Re: [Question] report a race condition between CPU hotplug state machine and hrtimer 'sched_cfs_period_timer' for cfs bandwidth throttling

From: Yu Liao
Date: Thu Aug 24 2023 - 03:26:20 EST


On 2023/8/23 18:14, Thomas Gleixner wrote:
> Subject: cpu/hotplug: Prevent self deadlock on CPU hot-unplug
> From: Thomas Gleixner <tglx@xxxxxxxxxxxxx>
> Date: Wed, 23 Aug 2023 10:47:02 +0200
>
> Xiongfeng reported and debugged a self deadlock of the task which initiates
> and controls a CPU hot-unplug operation vs. the CFS bandwidth timer.
>
> CPU1 CPU2
>
> T1 sets cfs_quota
> starts hrtimer cfs_bandwidth 'period_timer'
> T1 is migrated to CPU2
> T1 initiates offlining of CPU1
> Hotplug operation starts
> ...
> 'period_timer' expires and is re-enqueued on CPU1
> ...
> take_cpu_down()
> CPU1 shuts down and does not handle timers
> anymore.
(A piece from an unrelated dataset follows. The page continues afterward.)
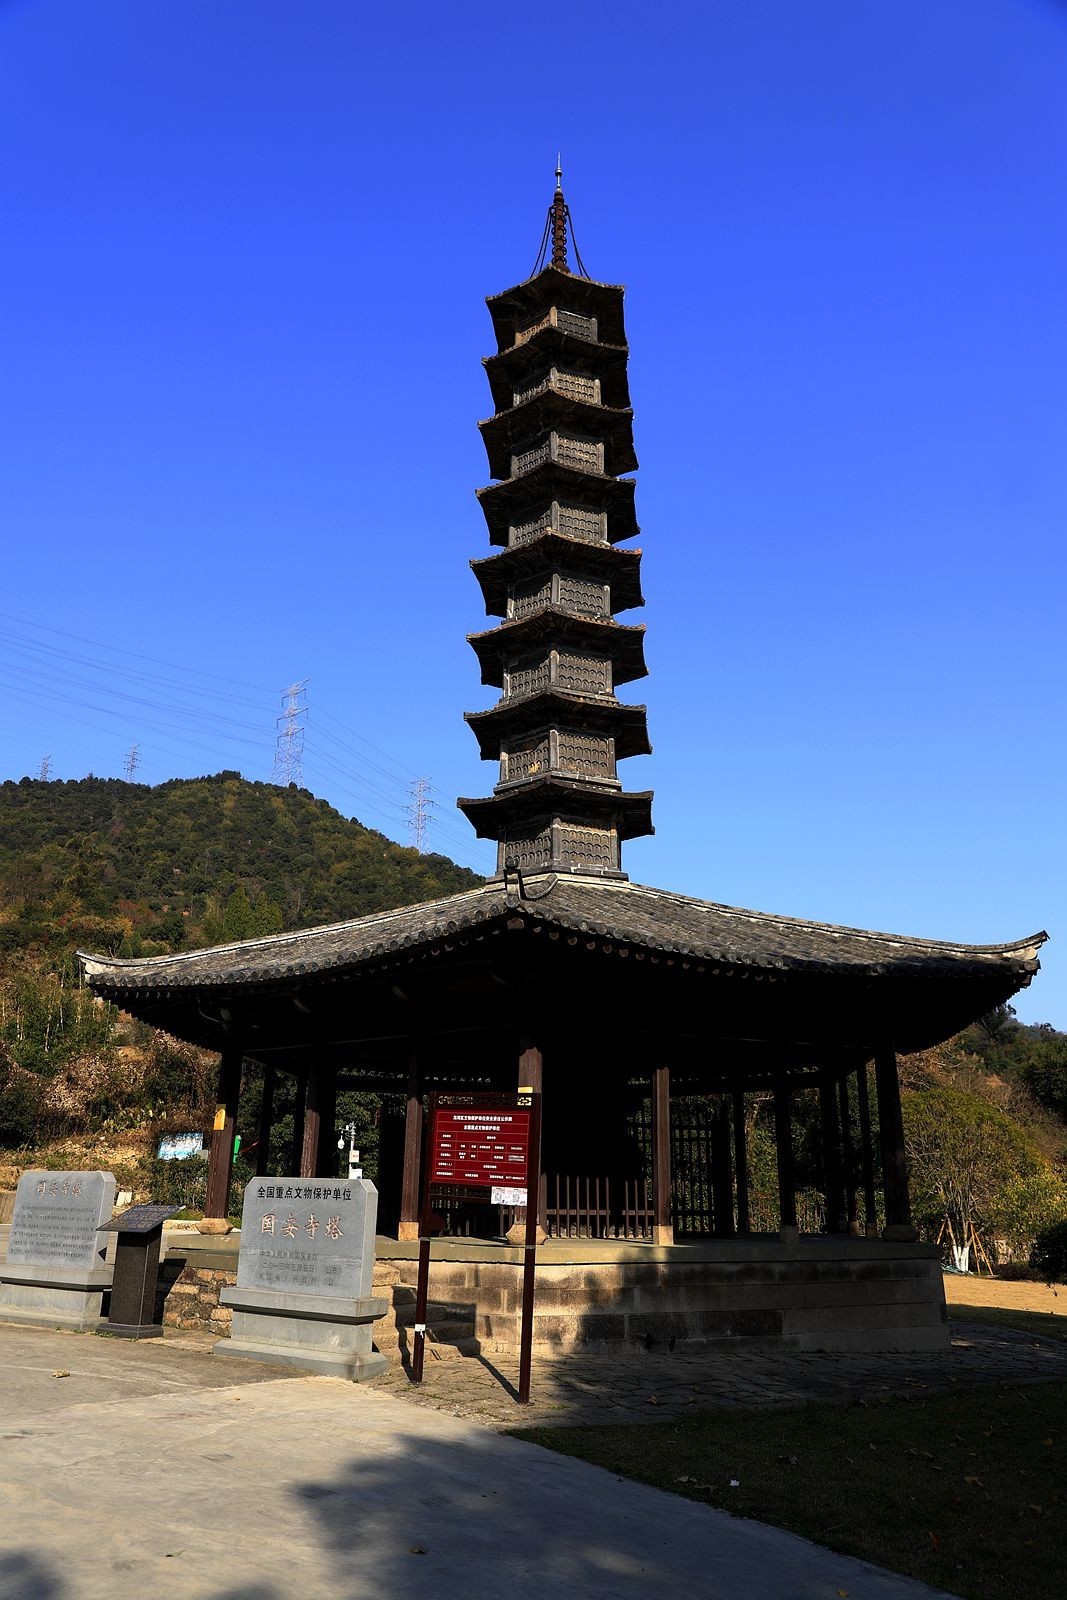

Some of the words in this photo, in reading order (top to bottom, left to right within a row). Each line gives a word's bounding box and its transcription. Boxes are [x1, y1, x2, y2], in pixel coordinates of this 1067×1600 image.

They have to be migrated in the
> post dead hotplug steps by the control task.
>
> T1 runs the post dead offline operation
> T1 is scheduled out
> T1 waits for 'period_timer' to expire
>
> T1 waits there forever if it is scheduled out before it can execute the hrtimer
> offline callback hrtimers_dead_cpu().
>
> Cure this by delegating the hotplug control operation to a worker thread on
> an online CPU. This takes the initiating user space task, which might be
> affected by the bandwidth timer, completely out of the picture.
>
> Reported-by: Xiongfeng Wang <wangxiongfeng2@xxxxxxxxxx>
> Signed-off-by: Thomas Gleixner <tglx@xxxxxxxxxxxxx>
> Link: https://lore.kernel.org/lkml/8e785777-03aa-99e1-d20e-e956f5685be6@xxxxxxxxxx
> ---
> kernel/cpu.c | 24 +++++++++++++++++++++++-
> 1 file changed, 23 insertions(+), 1 deletion(-)
>
> --- a/kernel/cpu.c
> +++ b/kernel/cpu.c
> @@ -1467,8 +1467,22 @@ static int __ref _cpu_down(unsigned int
> return ret;
> }
>
> +struct cpu_down_work {
> + unsigned int cpu;
> + enum cpuhp_state target;
> +};
> +
> +static long __cpu_down_maps_locked(void *arg)
> +{
> + struct cpu_down_work *work = arg;
> +
> + return _cpu_down(work->cpu, 0, work->target);
> +}
> +
> static int cpu_down_maps_locked(unsigned int cpu, enum cpuhp_state target)
> {
> + struct cpu_down_work work = { .cpu = cpu, .target = target, };
> +
> /*
> * If the platform does not support hotplug, report it explicitly to
> * differentiate it from a transient offlining failure.
> @@ -1477,7 +1491,15 @@ static int cpu_down_maps_locked(unsigned
> return -EOPNOTSUPP;
> if (cpu_hotplug_disabled)
> return -EBUSY;
> - return _cpu_down(cpu, 0, target);
> +
> + /*
> + * Ensure that the control task does not run on the to be offlined
> + * CPU to prevent a deadlock against cfs_b->period_timer.
> + */
> + cpu = cpumask_any_but(cpu_online_mask, cpu);
> + if (cpu >= nr_cpu_ids)
> + return -EBUSY;
> + return work_on_cpu(cpu, __cpu_down_maps_locked, &work);
> }
>
> static int cpu_down(unsigned int cpu, enum cpuhp_state target)

Thanks for the patch. Tested in v6.5-rc5 with test script provided by
Xiongfeng, this patch works.

Tested-by: Yu Liao <liaoyu15@xxxxxxxxxx>

Best regards,
Yu